On the flip side...I don't want to say Girardi's people-management skills have become worse than from his Florida days. It's more that the playing field changed so dramatically. Think of that '06 Marlins team, a rook full of rookies (plus Miguel Cabrera and Dontelle Willis) trying to prove themselves and ready to run through a wall for anyone who has the power to put their name in the lineup.
These Yankees, of course, are full of prima donnas, highly-paid eccentrics and veterans on the downside of their careers. It would be a tough job for most managers.
The Marlins, since they fired Girardi, are 354-364 while consistently fielding one of the lowest-paid and least-experienced clubs in baseball. They're very good at developing talent; Logan Morrison, Gaby Sanchez and Mike Stanton headline the newest bunch of impressive youngsters.
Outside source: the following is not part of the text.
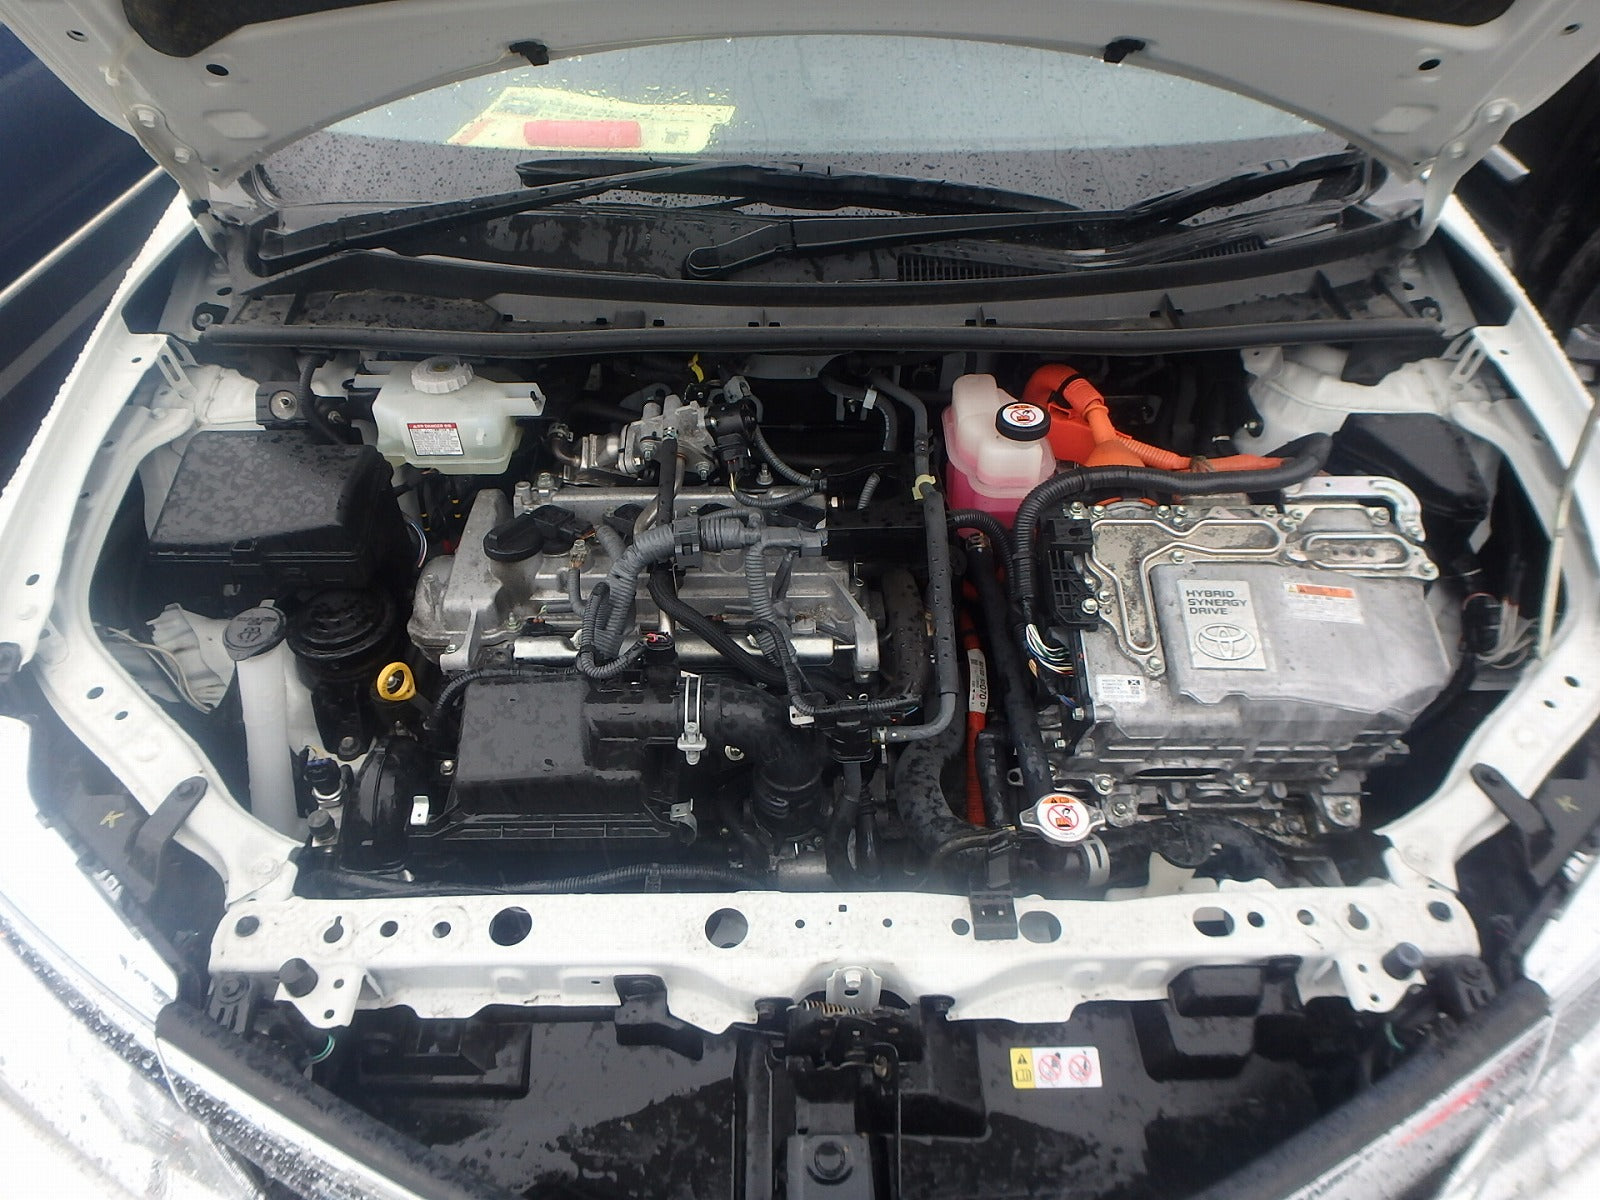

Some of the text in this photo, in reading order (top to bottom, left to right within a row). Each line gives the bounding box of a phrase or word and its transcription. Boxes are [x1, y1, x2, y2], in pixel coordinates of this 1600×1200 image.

[1186, 590, 1235, 598] HYBRID
[1188, 598, 1248, 607] SYNERGY
[1189, 607, 1229, 615] DRIVE
I consistently put Beinfest in my list of Top 10 GMs in the game.
But those tiny payrolls - compiled while turning a sweet profit, as we learned last year - cost them in roster depth. They just haven't had enough to make a bona fide playoff run.
Far more damning, however, is the meddling at the ownership level from owner Jeffrey Loria and team president David Samson. There isn't much patience there; they seem to view the manager's job as disposable, much as The Boss once did. True, Rodriguez quit, but with a one-year contract, he was set up to fail.
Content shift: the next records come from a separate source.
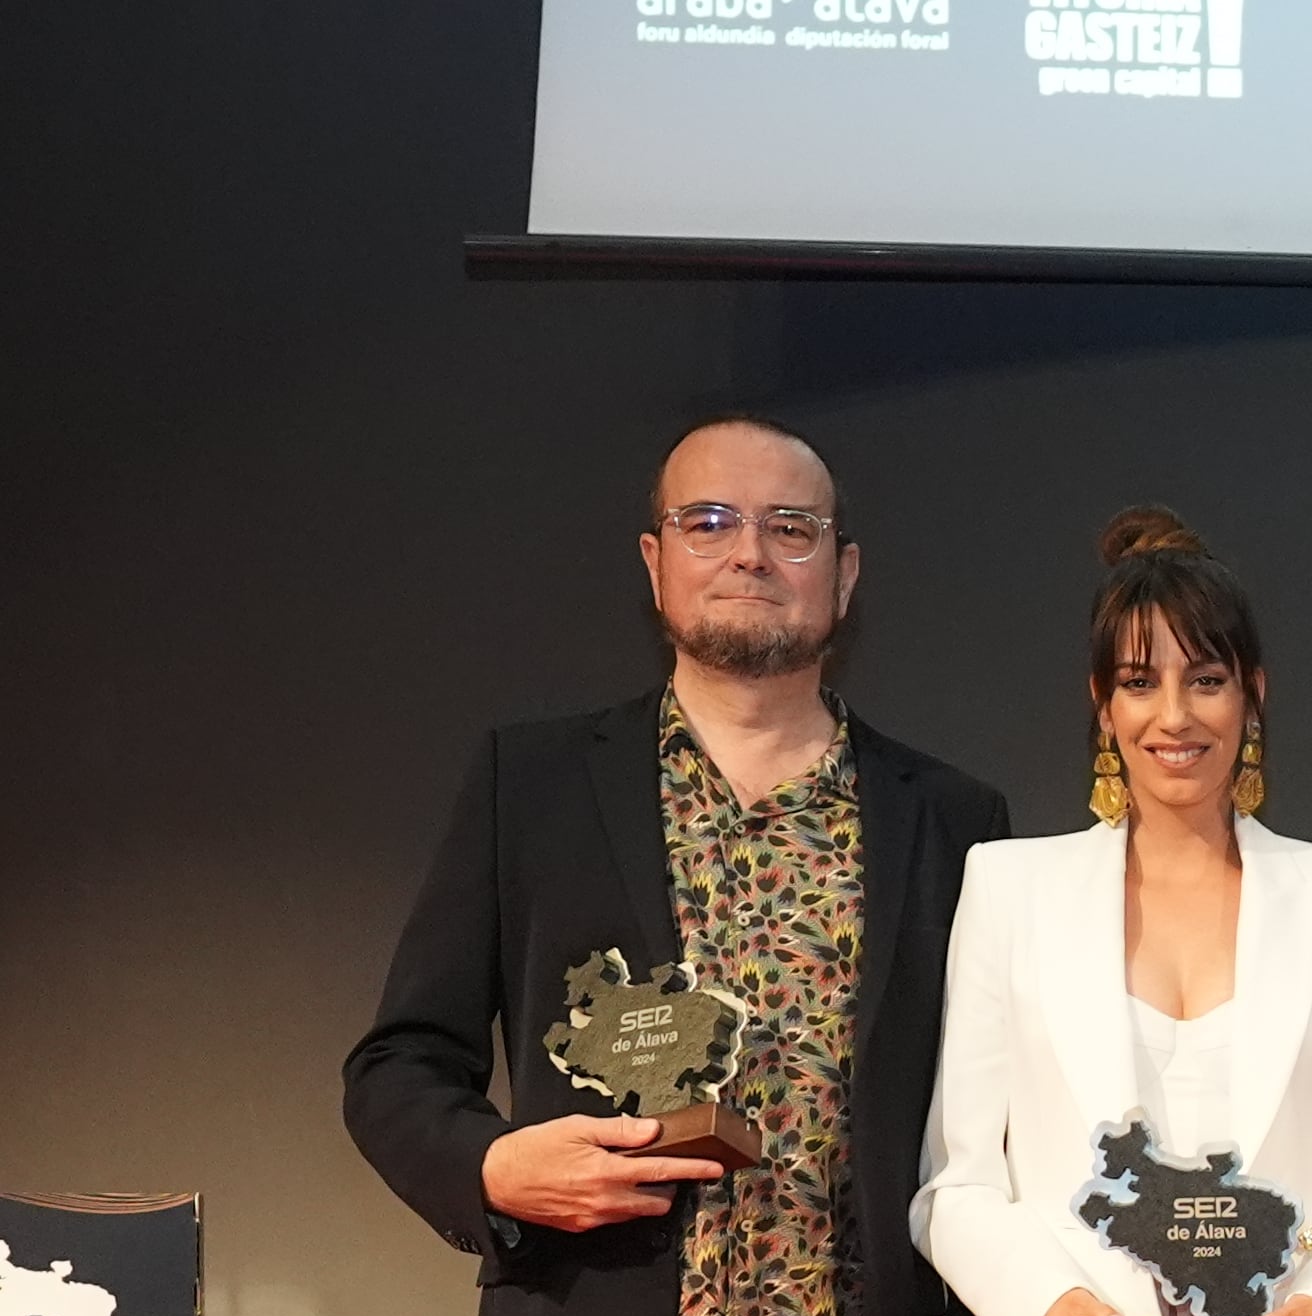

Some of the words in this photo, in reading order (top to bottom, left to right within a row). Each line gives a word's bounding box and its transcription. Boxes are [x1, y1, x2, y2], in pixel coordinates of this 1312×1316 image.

[637, 22, 680, 42] foru
[684, 25, 775, 45] aldundia
[785, 27, 897, 50] diputación
[901, 31, 950, 50] foral
[1025, 10, 1201, 64] GASTEIZ
[619, 1005, 673, 1033] SER
[612, 1038, 630, 1054] de
[635, 1029, 679, 1049] Álava
[1173, 1196, 1238, 1219] SER
[1167, 1225, 1190, 1241] de
[1195, 1220, 1246, 1240] Álava
[1193, 1247, 1222, 1257] 2024
And now they're bringing back McKeon - the third manager since Girardi left - who parachuted in for the middle of the 2003 season and wound up leading those Marlins over the Yankees for a World Series title. Will it work again this time? Not unless McKeon can heal both Josh Johnson and Hanley Ramirez.
It should be entertaining, for sure; Trader Jack can spin a yarn with the best of them, and he'll show the world that an 80-year-old can still function at a high level. But this move doesn't quite scream stability, at a time when the Marlins are preparing to move into their new ballpark next year and trying to show their fan base that they know what they're doing.
Will they wind up with Ozzie Guillen next year? First of all, I'll believe it when I see it; Guillen is under contract for the White Sox for 2012, and owner Jerry Reinsdorf and Guillen are extremely close.
Second of all, if Guillen did come over, how long would it take for him to be at serious odds with Loria and, in particular, Samson? A month? A week? Two days of spring training?
With the new ballpark coming, the Marlins must not only expand their payroll, but also pull back on their meddling. Meanwhile, in the Bronx, Girardi is far from perfect, yet he's certainly someone who can manage a contending team for the long run.